From James Ellroy, comes the first book in what will become his second ‘L.A. Quartet’. An epic novel, set in Los Angeles over 24 days beginning on 6 December 1941, as L.A. descends into night-time blackouts, war fever and escalating racial tension sparked by the Pearl Harbour bombings.
World War II has raged for two years in Great Britain and Europe. Japan has gone on a rampage in Asia and the Pacific – and America’s entrance into the war is a widely accepted and utterly foregone conclusion. Los Angeles is mainland America’s gateway to the Pacific conflict, home to the largest Japanese community in the United States. Bomber squadrons of the Imperial Japanese Air Corps will attack the U.S. fleet moored at Pearl Harbor, Hawaii, within 24 hours. That catastrophic moment in U.S. history will be preceded by the murders or ritual suicides of a Japanese family in L.A., a scant dozen hours earlier. Massive roundups of suspected Japanese subversives will soon begin; racial hysteria will overtake L.A. The stage has been set for James Ellroy’s largest, most historically dense and factually detailed novel yet.
A crime novel, a war novel and a romance, featuring favourite characters from Ellroy’s previous books, including arch villain Dudley Smith, anti-hero of The Big Nowhere, White Jazz and L.A. Confidential, Perfidia is a modern classic in the making.

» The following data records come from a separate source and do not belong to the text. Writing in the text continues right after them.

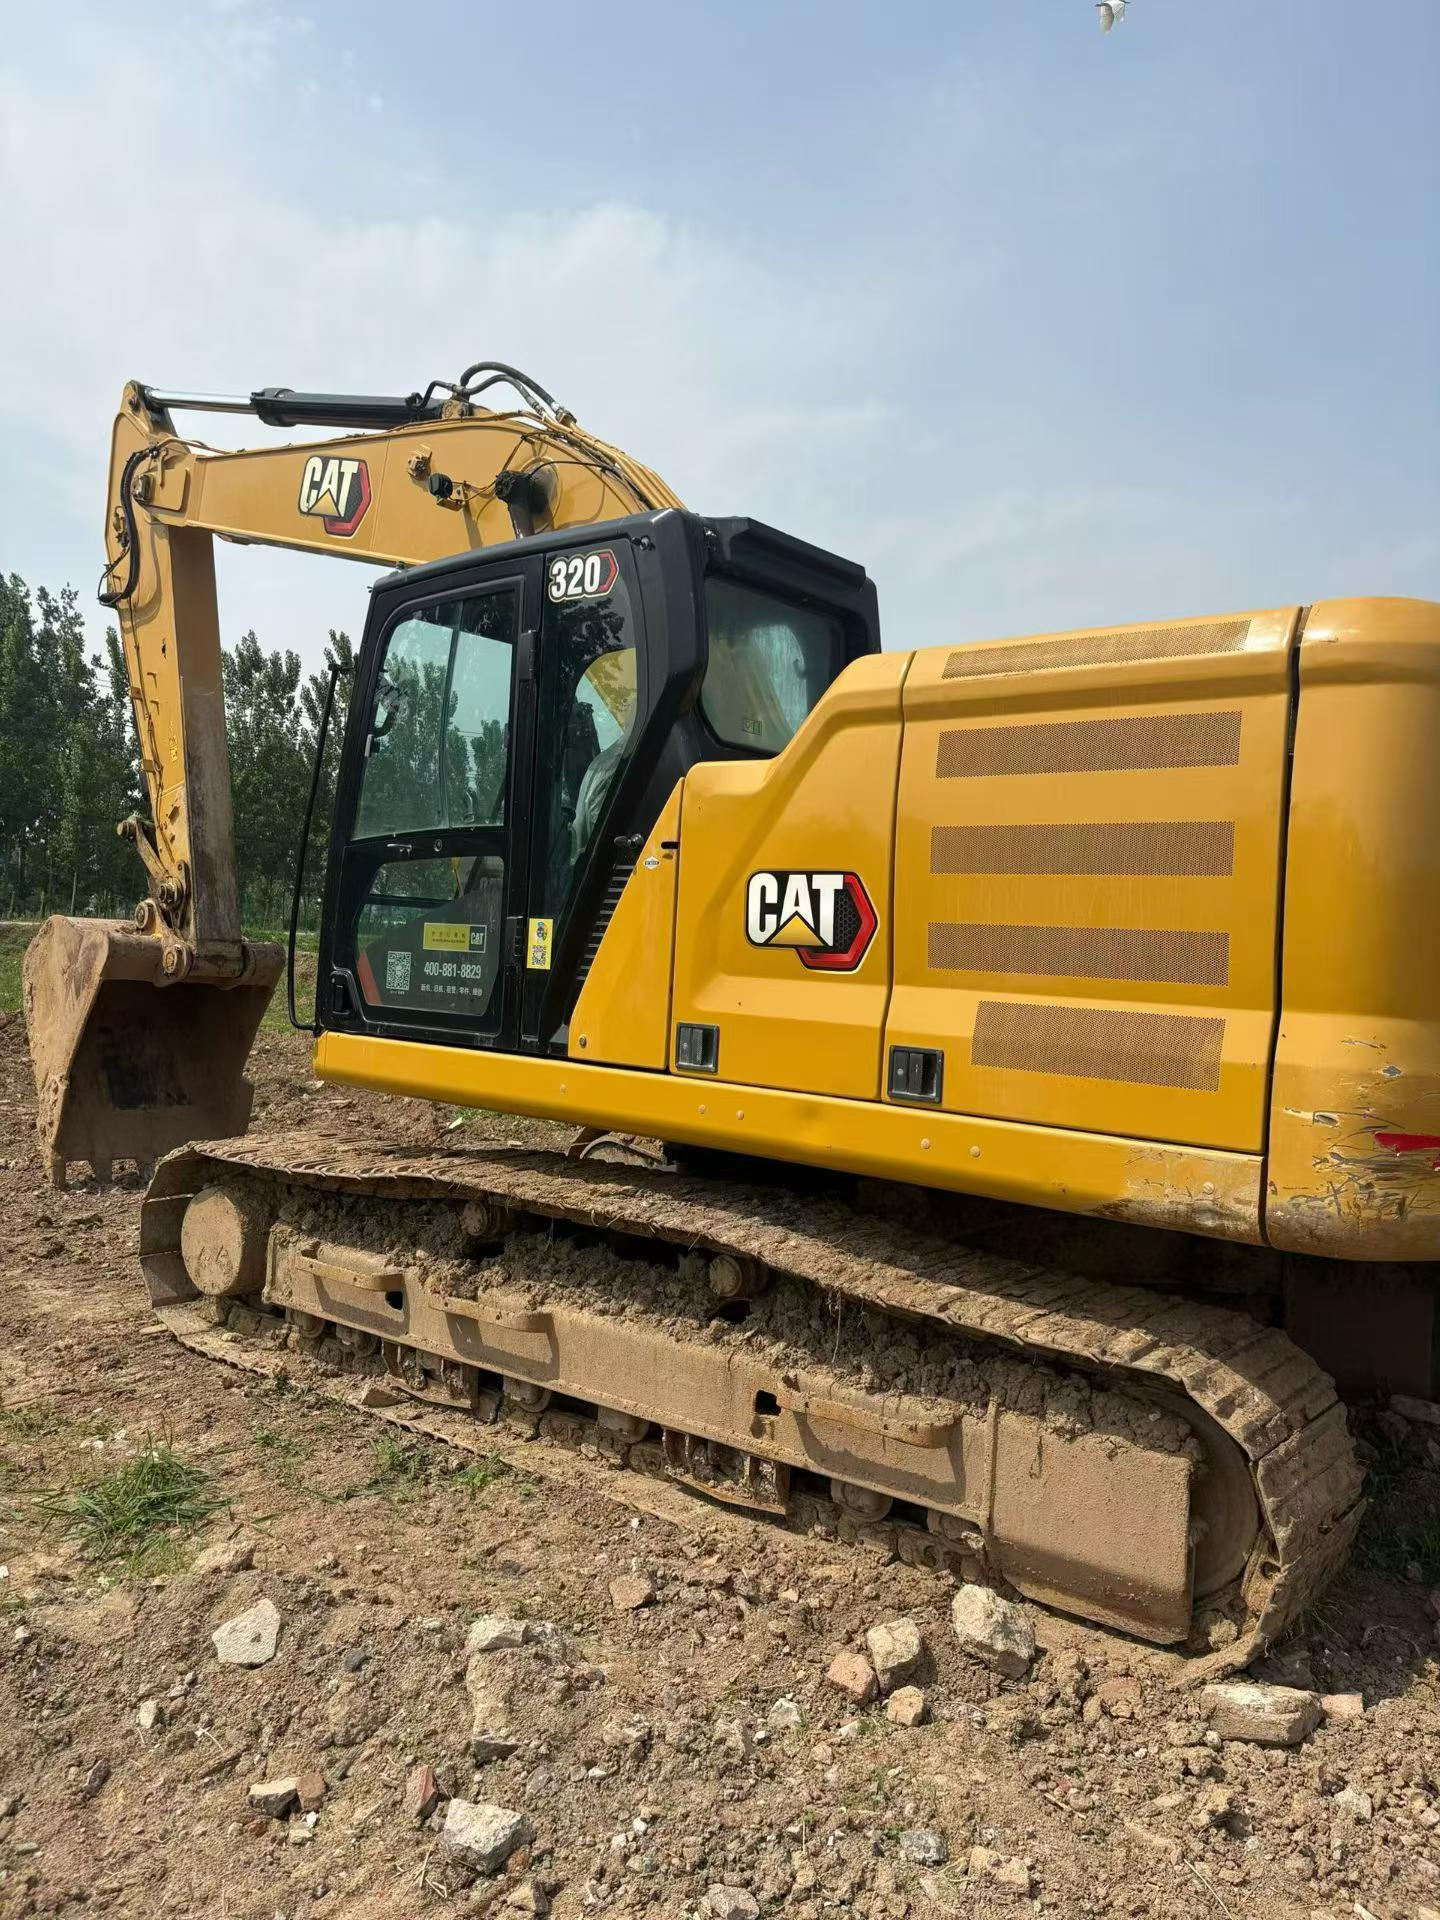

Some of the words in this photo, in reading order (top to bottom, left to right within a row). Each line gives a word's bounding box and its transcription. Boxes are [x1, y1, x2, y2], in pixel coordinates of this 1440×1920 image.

[299, 456, 359, 517] CAT
[551, 555, 601, 598] 320
[747, 872, 844, 947] CAT
[470, 932, 484, 945] CAT
[424, 961, 482, 979] 400-881-8829
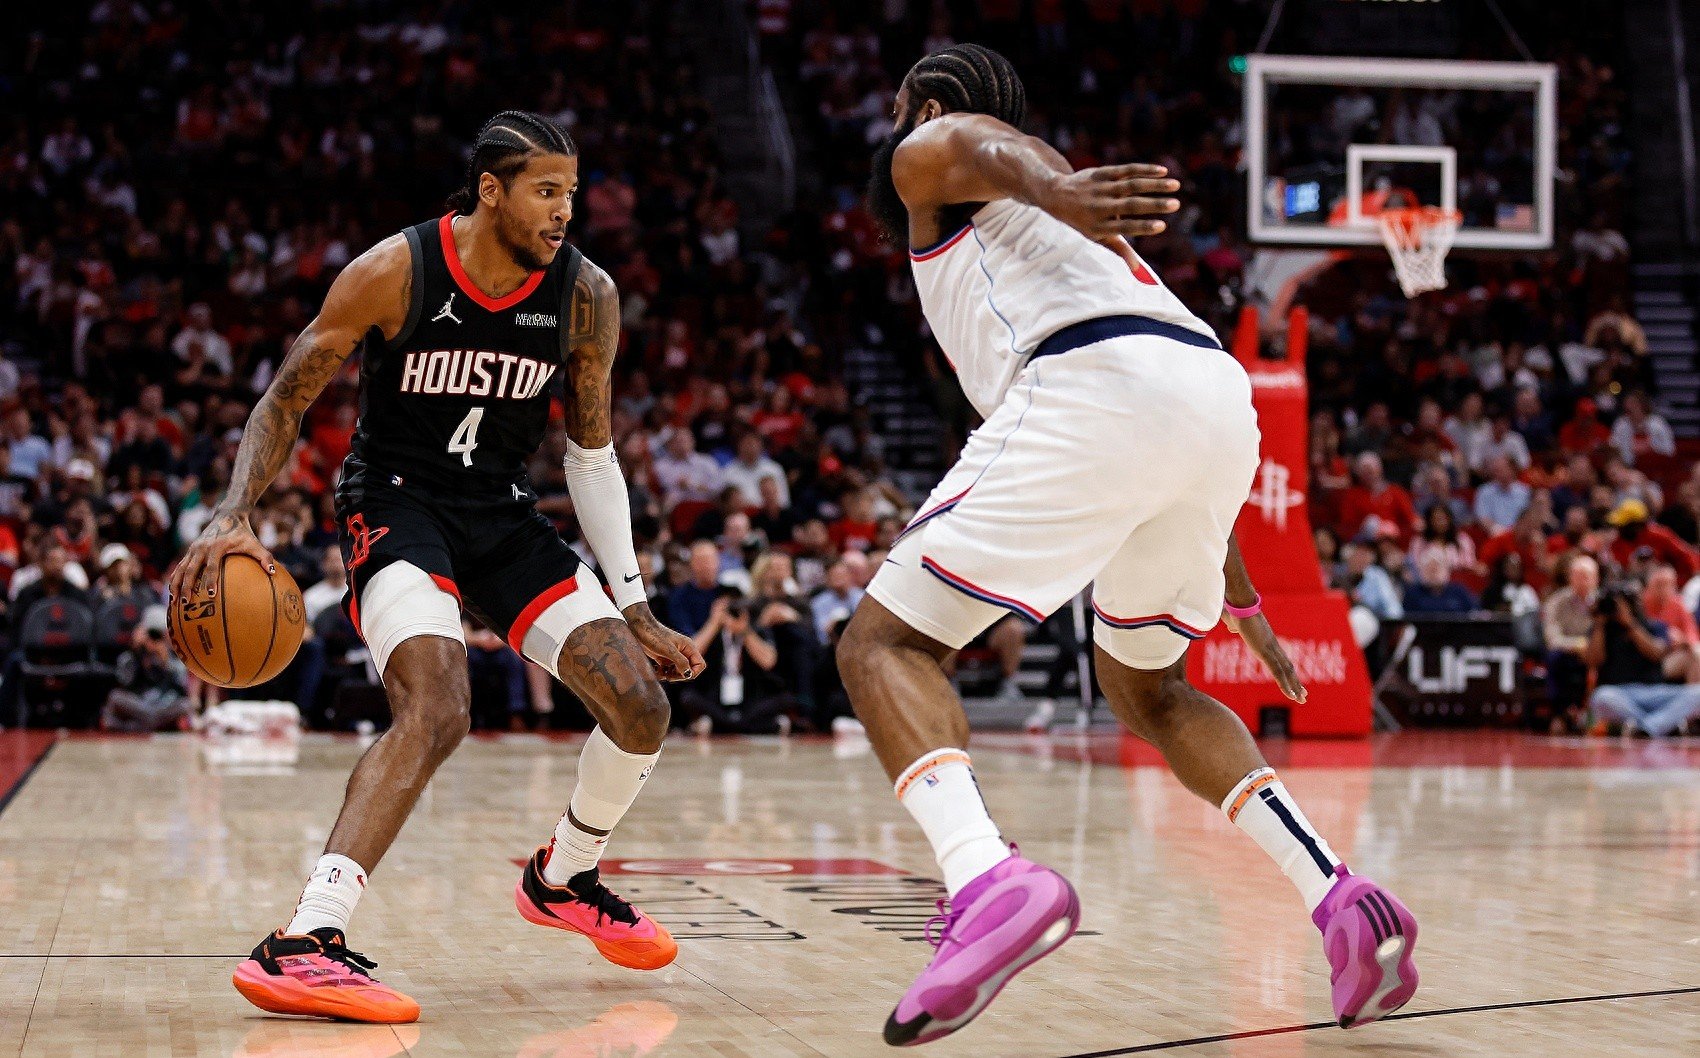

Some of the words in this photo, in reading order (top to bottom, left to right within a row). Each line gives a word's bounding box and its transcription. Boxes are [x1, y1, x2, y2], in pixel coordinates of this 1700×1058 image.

[514, 318, 557, 328] HERMANN
[515, 312, 557, 324] MEMORIAL
[401, 350, 556, 399] HOUSTON
[447, 406, 485, 467] 4
[1407, 645, 1519, 693] LIFT

The video for the novel Perfidia can be seen below -
James Ellroy was born in Los Angeles in 1948. He is the author of the acclaimed 'L.A. Quartet': The Black Dahlia, The Big Nowhere, L.A. Confidential and White Jazz. His most recent novel, Blood's a Rover, completes the magisterial 'Underworld USA Trilogy' - the first two volumes of which (American Tabloid and The Cold Six Thousand) were both Sunday Times bestsellers. Over 1.5 million copies of his books have been sold in the UK alone.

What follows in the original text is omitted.